Clément Landais : Inland (Hypnote), 31 mai 2019
1. Skyscrapper (6:36) - 2. Traffic (4:11) - 3. CM12 (3:39) - 4. CM3 (2:46) - 5. Mystère (7:23) - 6. Sinless (5:49) - 7. Burgler (7:35) - 8. Alice (3:40) - 9. CM6 (1:43) - 10. Filu Feru (2:26) Fred Borey (saxophones); Pierre Perchaud (guitare); Julien Jolly (drums, claviers); Clément Landais (contrebasse, basse électrique). Enregistré au Studio Acces Digital, Rouen, France.

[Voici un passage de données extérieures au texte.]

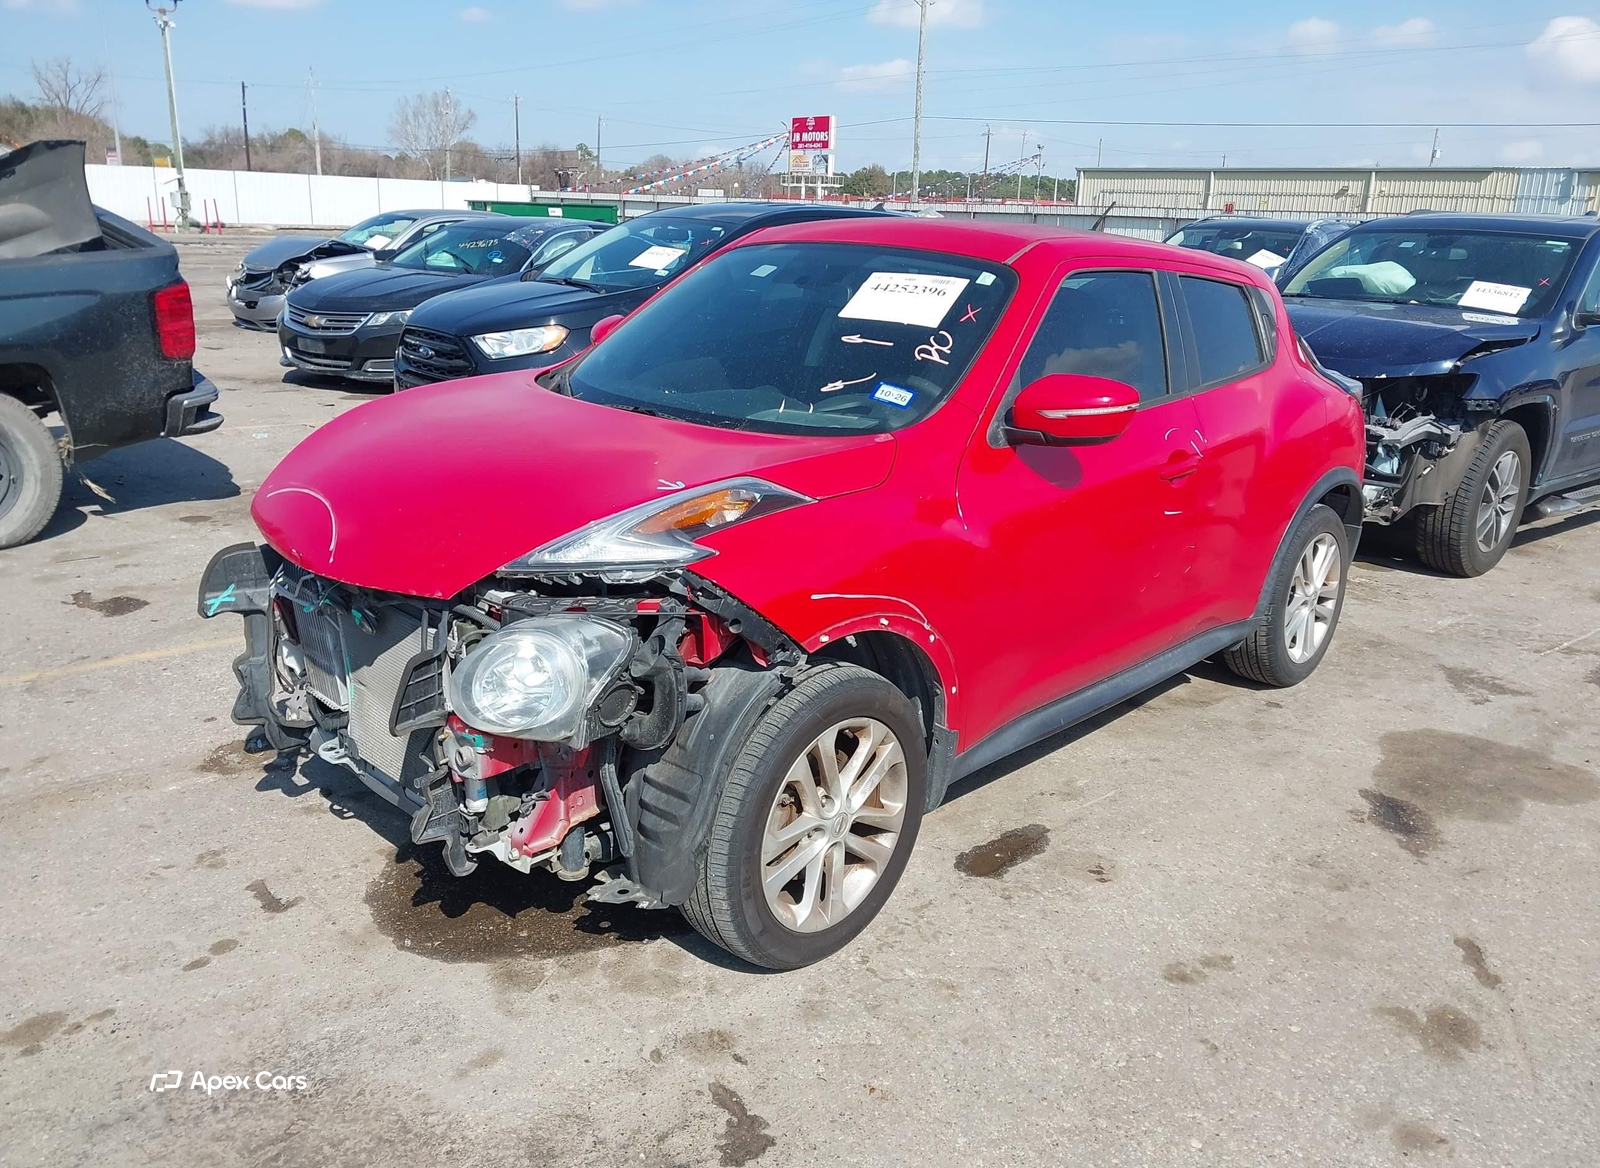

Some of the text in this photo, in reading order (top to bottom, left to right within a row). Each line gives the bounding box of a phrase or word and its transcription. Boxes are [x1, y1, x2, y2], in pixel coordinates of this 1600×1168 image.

Inland est le premier album d'un quartet assemblé par le bassiste Clément Landais, compositeur de la majorité des titres. A l'instar de la pochette sur laquelle on distingue à peine un navire noyé dans la brume marine, la musique atmosphérique renferme une part de mystère propice à faire tourner l'imagination. Skyscrapper, qui ouvre le répertoire emmène illico l'auditeur au dernier étage d'un gratte-ciel, là où le monde réel disparaît dans les premiers stratus et cumulus. Le saxophoniste Fred Borey, compositeur du thème, joue avec fluidité des phrases limpides aux teintes pastel tandis que le guitariste Pierre Perchaud révèle une grande finesse dans un jeu tout en retenue dont la fluidité évoque le grand John Abercrombie dans ses productions pour ECM. D'autres titres comme Mystère, Sinless et Alice, écrit par le leader en hommage à sa fille, témoignent d'une sensibilité à fleur de peau chez ces musiciens qui semblent guidés par la même vision partagée d'une musique éthérée et intimiste. On trouve aussi sur ce disque trois pièces de Clément Landais intitulées CM12, CM3 et CM6 qui ressemblent à des épures et renvoient peut-être à des études issues des années d'apprentissage au conservatoire. Le court Filu Feru, qui clôture l'album, témoigne en revanche que ce quartet peut aussi swinguer à l'ancienne s'il le souhaite et, incidemment, laisse entendre que d'autres voies pourraient être explorées plus tard. En attendant, Inland est un album très mélodique dont le lyrisme et la sonorité ouatée invitent à la réflexion, à la méditation et, finalement, au rêve. A écouter en voyage, sur les chemins de terre qui montent vers les nuages. [ Chronique de Pierre Dulieu ] [ Inland (CD & Digital) ] [ A écouter : Skyscrapper ] |
Sylvain Cathala Septet : Cullinan (Connexe Records), France, 6 mai 2019
1. Entremêlés 2 (10:11) - 2. Phases of Gravity 2 (7:19) - 3. Cullinan VII (6 :28) - 4. Nassak (8:31) - 5. Wittelsbach - Part 1 (5:52) Sylvain Cathala (saxophone ténor) - Marc Ducret (guitare) - Benjamin Moussay (Fender rhodes) - Guillaume Orti (saxophone alto) - Bo Van der WERF (saxophone baryton) - Sarah Murcia (contrebasse) - Christophe Lavergne (batterie). Enregistré live au Triton (Les Lilas) le 30 juin 2016.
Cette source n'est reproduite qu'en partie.